“In my work, I create quiet, abstract, meditative environments. Ultimately I am interested in the study of subtraction to the point of purity, simplicity and refinement.” – Miya Ando 美夜 安籐
Miya Ando’s metal canvases and sculpture articulate themes of contradiction and juxtaposition of ideas. The foundation of her practice involves transforming surfaces. Half Japanese & half Russian-American, Ando is a descendant of Bizen sword makers and was raised in a Buddhist temple in Japan among sword smiths and Buddhist priests in a temple in Okayama, Japan and in coastal Northern California. She has continued her 16th generation Japanese sword smithing and Buddhist lineage by applying traditional techniques of her ancestry to combine metals, reflectivity and light in her transcendent paintings and sculpture.

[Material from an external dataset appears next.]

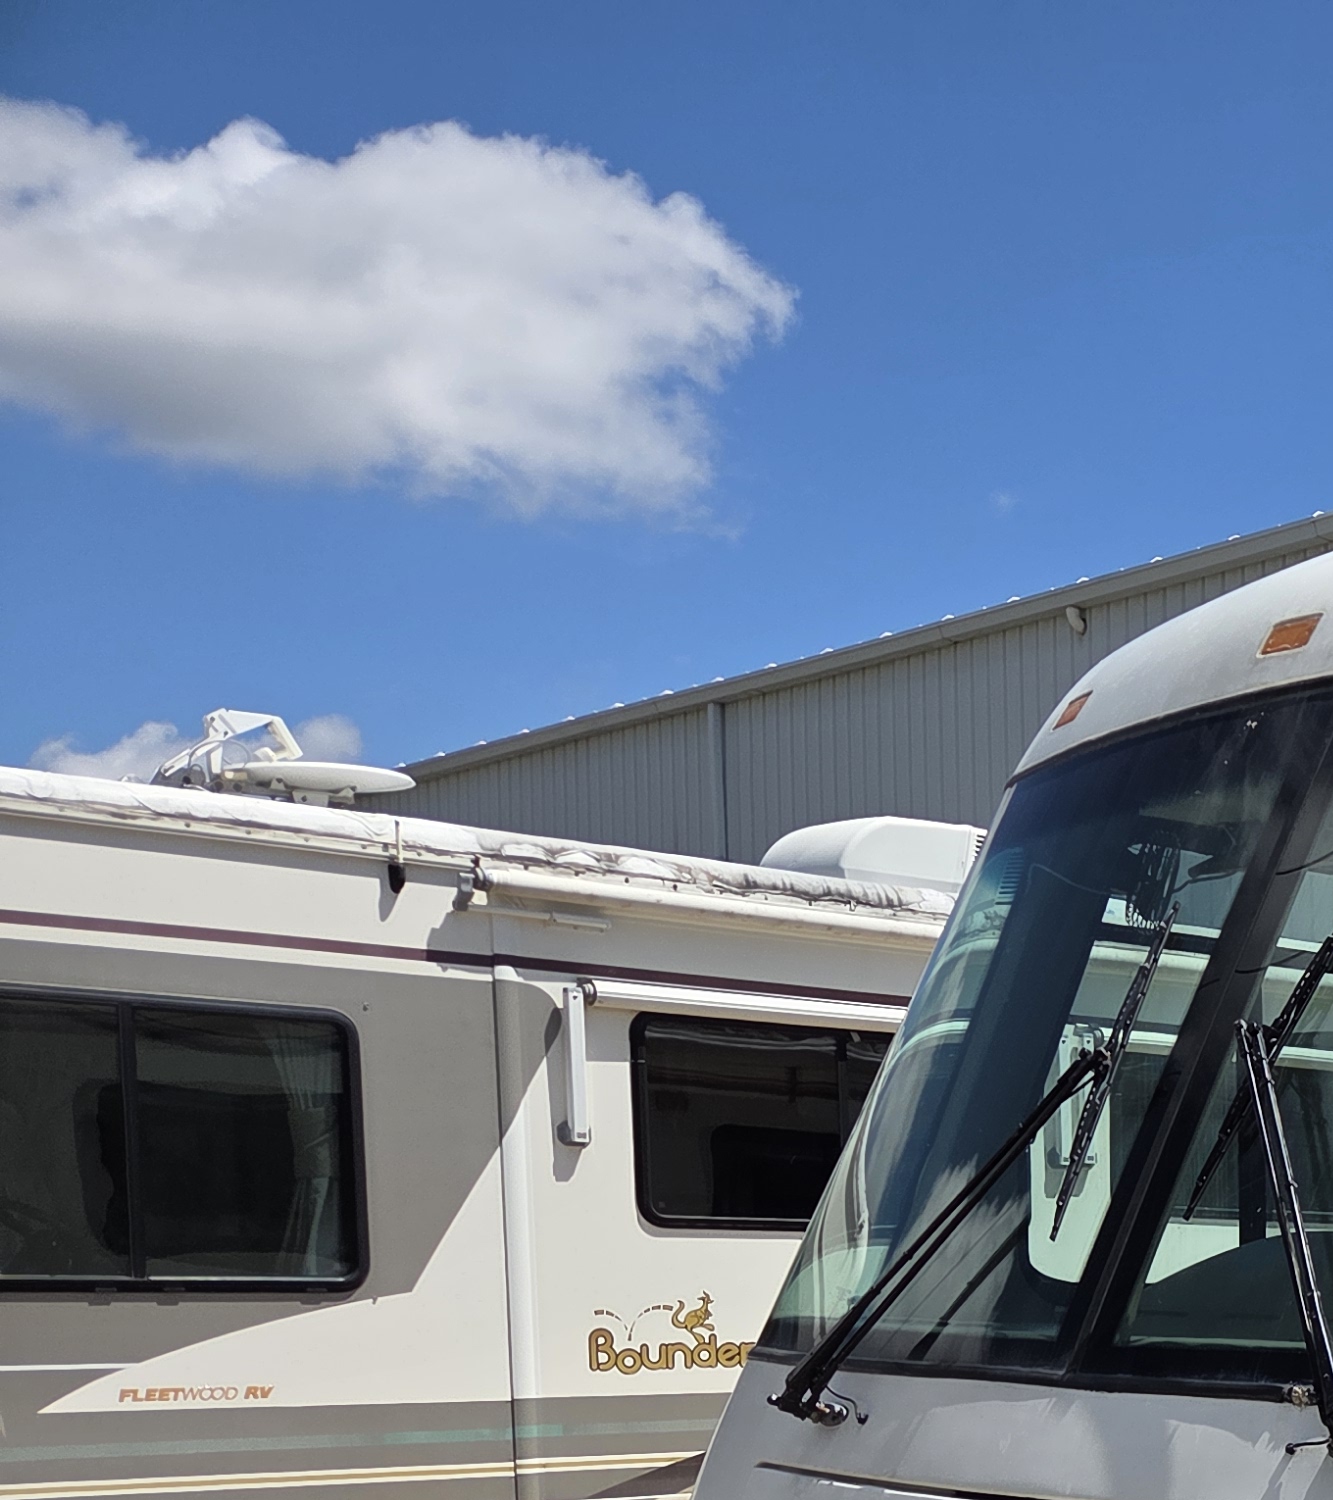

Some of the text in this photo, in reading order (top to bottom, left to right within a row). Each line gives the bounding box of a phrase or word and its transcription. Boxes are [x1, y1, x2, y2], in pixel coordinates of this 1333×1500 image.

[588, 1328, 757, 1375] Bounder
[118, 1385, 274, 1403] FLEETWOOD RV

In 2011, Miya completed a 30-foot tall steel sculpture 9/11 memorial sculpture in London commemorating the World Trade Center events. Ando’s work is has been exhibited extensively throughout the world, including a recent show curated by Guggenheim curator Nat Trotman. Public commissions also include projects in South Korea, London, New York and California.
Ando attended Yale University to study Buddhist iconography and imagery and she apprenticed at the master metal smith Hattori Studio in Japan. She is the recipient of many awards, including the Pollock-Krasner Foundation Grant in 2012 and her work appears in many important public and private collections. Among her public commissions is most notably a thirty-foot tall commemorative sculpture in London built from World Trade Center steel to mark the ten-year anniversary of 9/11.
Other awards include the Thanatopolis Special Artist Award, Public Outdoor Commission Winner and Puffin Foundation Grant winner. She received her Bachelor of Science Magna Cum Laude in East Asian Studies at UC Berkeley and continued her studies at Yale University, in addition to serving as an apprentice to a master metal smith in Japan.